Brazil dominates global sugar cane production, followed by India, which market experts anticipate will produce a record 30 million tons in 2008. Sugar-based ethanol burns cleaner than most alternative fuels, emitting 80% less net greenhouse gases than gasoline; in addition, it produces more energy per equivalent unit. The production efficiency of sugar-based ethanol has nearly tripled since the 1970s – no more fear of shortage.
Still, the price of sugar continues to decline as production outweighs demand. One option to increase the value of sugar would be to eliminate import tariffs, reducing our dependency on overseas oil. If the U.S.’s restrictions on foreign sugar and ethanol were removed, it would upset the Brazilian and Indian scale, and create outrage by American sugar farmers who receive subsidies and guaranteed high prices for their sugar.

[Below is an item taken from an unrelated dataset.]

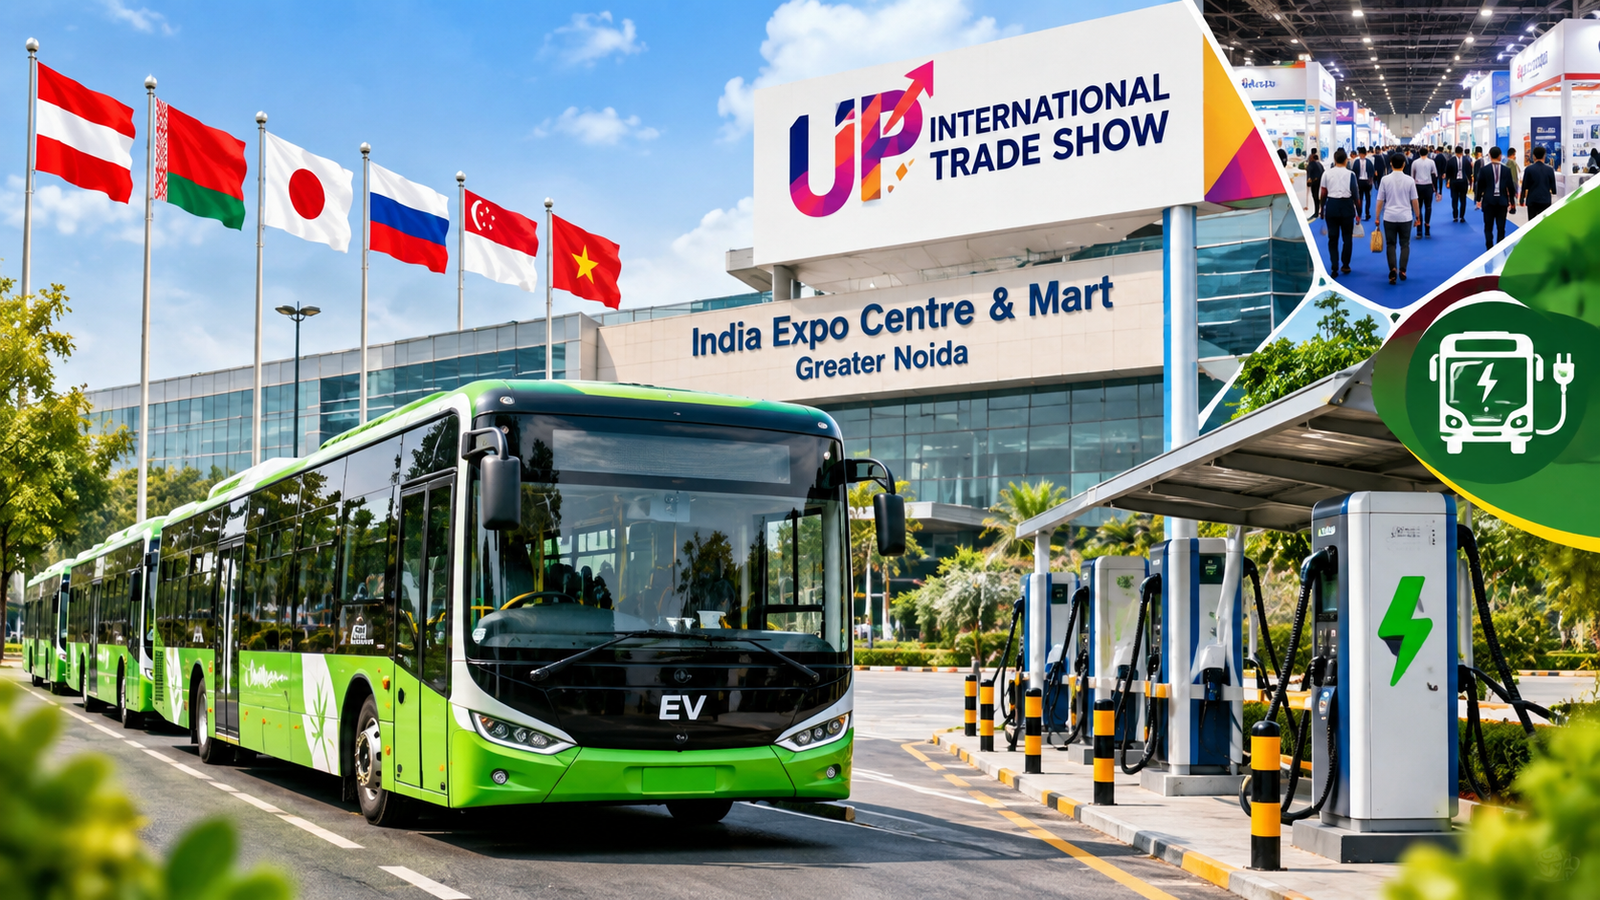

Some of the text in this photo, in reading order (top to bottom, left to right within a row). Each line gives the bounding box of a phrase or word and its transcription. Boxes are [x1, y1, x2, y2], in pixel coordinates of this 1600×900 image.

The American sugar industry approached the U.S. government last year to increase the cost of sugar. Under a House Agriculture Committee proposal, U.S. growers will be able to sell cane and beet sugar to be used as a bioenergy feedstock. This is good news for alternative energy companies focused on the production of sugar cane solely used for green options.
Stratos Renewables Corp. (OTCBB: SRNW) engages in the production, processing and distribution of sugarcane ethanol. Based out of California, the company operates a production facility in northern Peru with the capability to produce 700 tons of sugar cane per year, with the conversion ability to produce up to four million gallons of ethanol.